Василий Шукшин
Последнее время волосатый Генка работал массовиком-затейником в горном санатории. Отдыхающие удивлялись на него. Удивляли Генкины песни и шалопайство. Песни он сам сочинял и сам исполнял под гитару. Шалопайство… Вообще, это не шалопайство у Генки, а полная его — демонстративная — свобода, раскованность. Будучи этак раскованным, он и шарахался по жизни, как по загону сшибал столбики, ранился и злился.
Кто-то когда-то сказал Генке, что он самобытный композитор. Генка уверовал в это, и когда его песни не нравились, он мучился и в отчаянии мог выкинуть какую-нибудь шальную глупость.
Приехал в санаторий какой-то поэт; Генка, волнуясь, спел ему несколько песен. Поэт удивился.
— Ну и что? — спросил он. — О чем эти песни? Что вы хотите сказать ими?
Генка выпил в буфете стакан водки и вышел к бассейну, где в это время было много отдыхающих. И громко объявил:
— Вы!.. Сейчас то же самое, но в оригинальном исполнении.
Пошел к вышке, откуда желающие смельчаки прыгают в бассейн. Остервенело заколотил по струнам и запел:
Вот так номер,
Вот так так —
Это не по правилам:
Были,
Были, —
Напылили,
А потом — пр-ропали!..
Не то это у него марш, не то под заборный жиганистый выверт — не поймешь сразу. Взошел Генка на вышку, стал на самый край доски и продолжал:
Я же помню этот бег —
Небо содрогалось,
Ваши гривы об зарю
Красную
Трепались.
«Сбацал» на краешке доски — пощелкал каблучками-носочками — и еще раз:
Ох, ваши гривы об зарю
Красную
Трепались!
Все с интересом смотрели на массовика-затейника. А он кричал с вышки и бил гитару:
Я же знаю
Мы хотели
Заарканить месяц.
Почему же он теперь,
Сволочь,
Светится?!
И Генка, в чем был, маханул с вышки в воду. Вынырнул, вылил из гитары воду и докричал, лежа на спине и играя:
Значит, снова промахнулись…
Пропади ты пропадом!
Ну-ка, снова,
В три креста!
Кони-лошади!..
Генка откашлялся, отплевался и сообщил: — «Навязчивый сон» называется!
Генку уволили.
Дома, в своей деревне, Генка появлялся обычно на короткое время — отдышаться, поправить финансовые дела. И тут наваливались на парня всей говорливой родней. Стыдили. Приводили примеры… Учили.

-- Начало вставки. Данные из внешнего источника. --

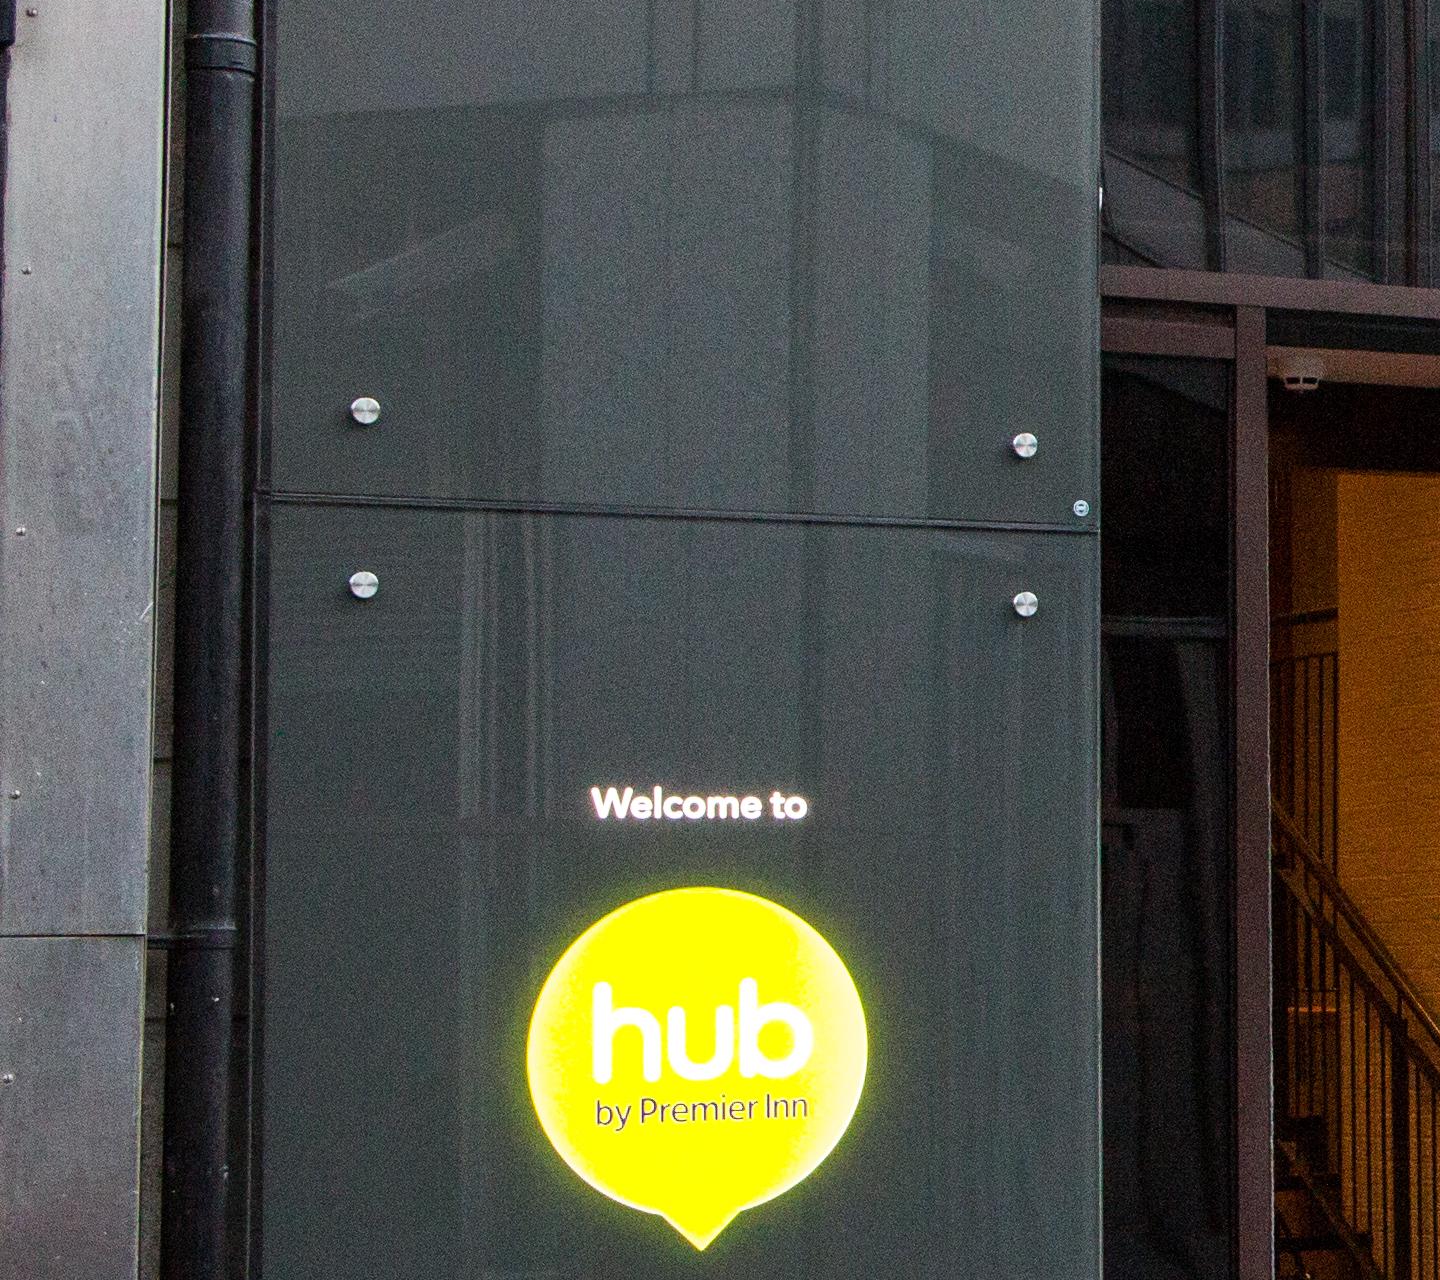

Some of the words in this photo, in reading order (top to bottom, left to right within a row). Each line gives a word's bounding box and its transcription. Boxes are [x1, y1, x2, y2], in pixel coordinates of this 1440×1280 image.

[590, 785, 764, 821] Welcome
[769, 789, 809, 821] to
[592, 977, 815, 1085] hub
[595, 1098, 632, 1132] by
[640, 1094, 759, 1124] Premier
[765, 1092, 809, 1119] Inn
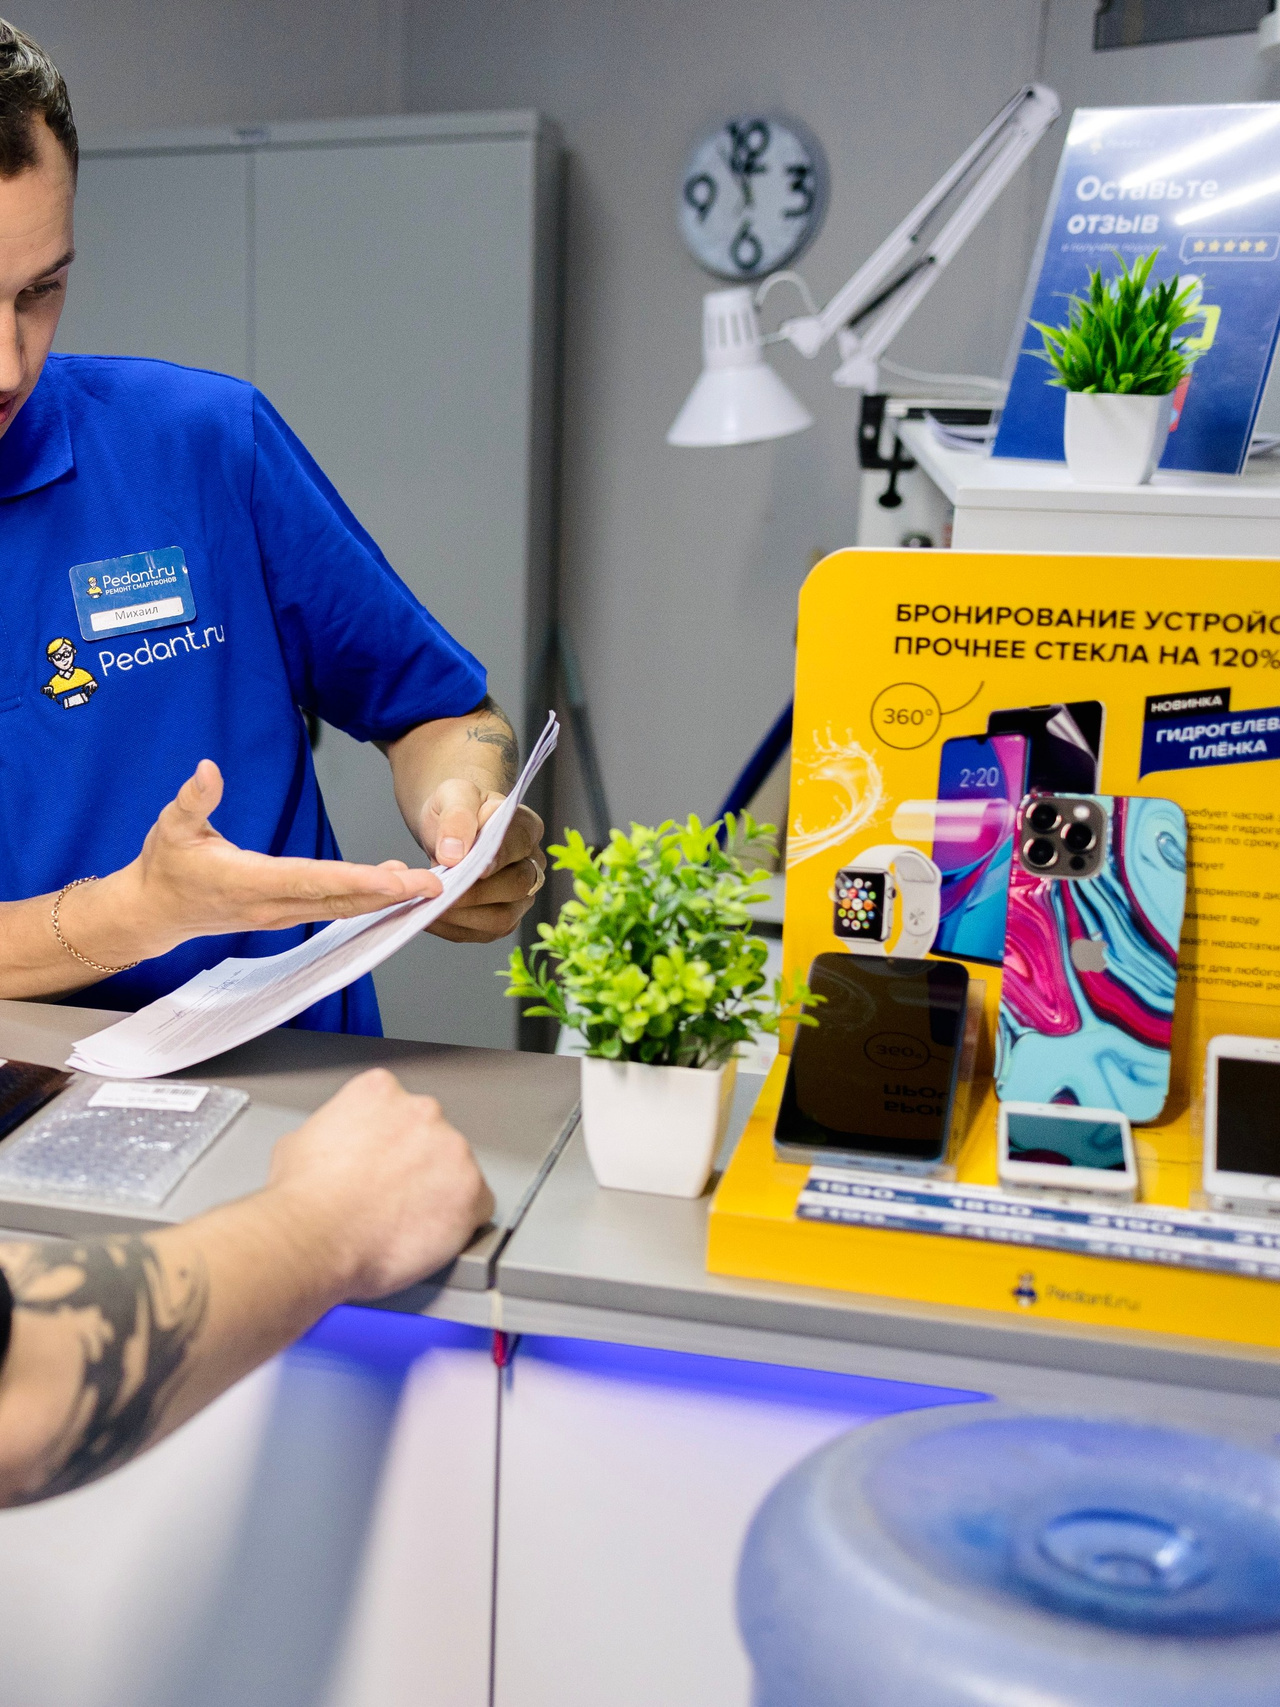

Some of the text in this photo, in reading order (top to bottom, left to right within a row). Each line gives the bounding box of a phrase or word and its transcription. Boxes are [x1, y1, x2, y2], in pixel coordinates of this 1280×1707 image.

[683, 164, 815, 224] 9 3
[1076, 175, 1219, 201] Оставьте
[1066, 213, 1160, 235] отзыв
[729, 217, 763, 270] 6
[102, 565, 176, 589] Pedant.ru
[105, 576, 177, 596] РЕМОНТ СМАРТФОНОВ
[114, 606, 159, 621] Михаил
[895, 603, 1136, 630] БРОНИРОВАНИЕ
[98, 624, 226, 677] Pedant.ru
[894, 636, 1280, 670] ПРОЧНЕЕ СТЕКЛА НА 120%
[1150, 695, 1223, 713] НОВИНКА
[1155, 717, 1280, 743] ГИДРОГЕЛЕВ
[959, 767, 1000, 788] 2:20
[1184, 808, 1228, 819] ребует

— Я все понимаю, — говорил Генка, — но мы, художники, — люди особого склада. Я бы мог, конечно, освоить профессию, скажем, животновода, но на мне тогда будет смертельный грех. Я людьми занимаюсь.
— Занялся бы тобой бичина хороший — вот было бы то, что требуется. Вот это не грех был бы.
— Тупо, неубедительно.
Пришел как-то дядя Генкин, дядя Гриша. Дядя Гриша недавно поверил в бога и ходил теперь отрешенный, тихий, кротко и снисходительно смотрел на житейские дела. Эта кротость обозлила Генку.

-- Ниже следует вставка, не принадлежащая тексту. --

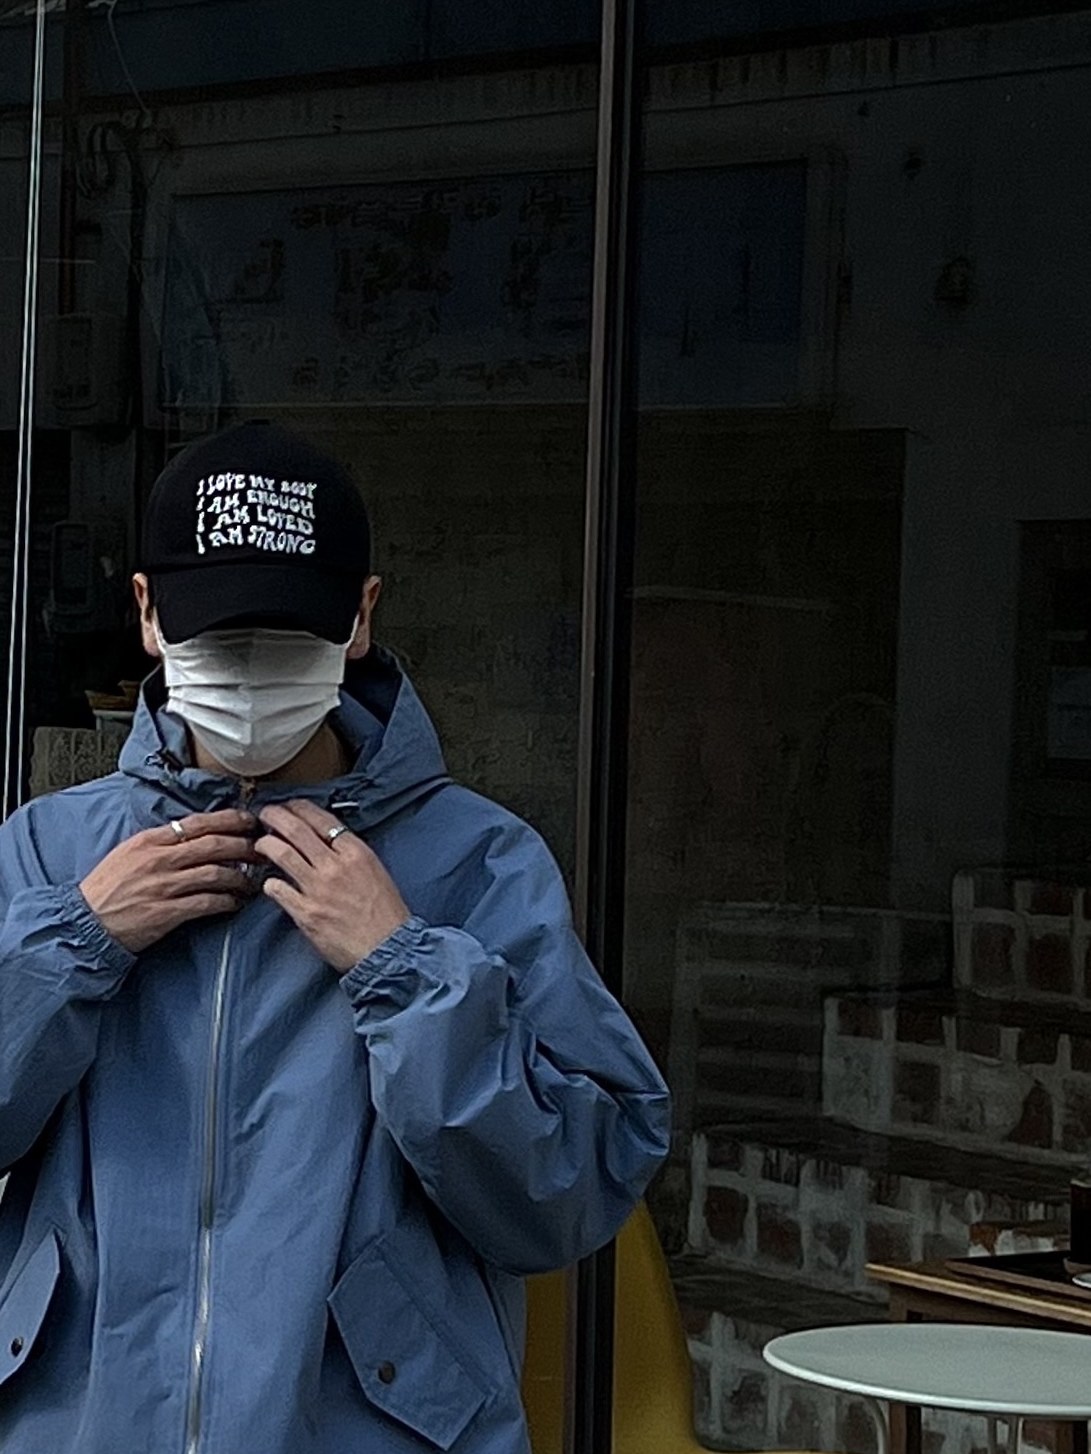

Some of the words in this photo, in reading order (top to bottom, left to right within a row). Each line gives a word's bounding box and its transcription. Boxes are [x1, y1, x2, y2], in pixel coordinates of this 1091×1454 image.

[196, 479, 205, 496] I
[206, 472, 246, 496] LOVE
[249, 474, 275, 491] MY
[281, 480, 317, 500] BODY
[196, 496, 205, 511] I
[207, 492, 240, 514] AM
[246, 489, 316, 520] ENOUGH
[197, 511, 205, 533] I
[212, 505, 250, 530] AM
[256, 504, 314, 535] LOVED
[195, 534, 206, 554] I
[208, 525, 244, 547] AM
[247, 525, 316, 554] STRONG

— Ты вроде как даже гордишься, что такой смирный, — сказал он.
— Не горжусь, а суетню всякую понимаю, — смиренно ответствовал новообращенный. — Все суета, Геннадий.
— Ну, это уж вы как-то… совсем просто: «Все суета» — и баста.
— Все суета! — убежденно твердил дядя Гриша.
— Смерть — суета? Любовь — суета?
— Мы здесь — гости. Поживем — и пойдем отчитываться за наши дела. Ты задумайся, Геннадий, задумайся: за все придется отвечать. Безобразно живешь. Вино пьешь неумеренно, куришь, с девками блудишь… А ведь все учитывается! Мы, как киноаппараты: живем, а на кинопленку все снимается, все снимается… Как поступил, как подумал, где проть совести пошел — все снимается. И вот ты умираешь, киноаппарат этот — тело твое — хоронют, а пленку берут и проявляют: смотрют, как ты жил… Вот.
— Хм… Ну-ка, еще что-нибудь, интересно. Поверить я, к сожалению, не смогу, но вообще это интересно. Даже технику стали использовать, надо же.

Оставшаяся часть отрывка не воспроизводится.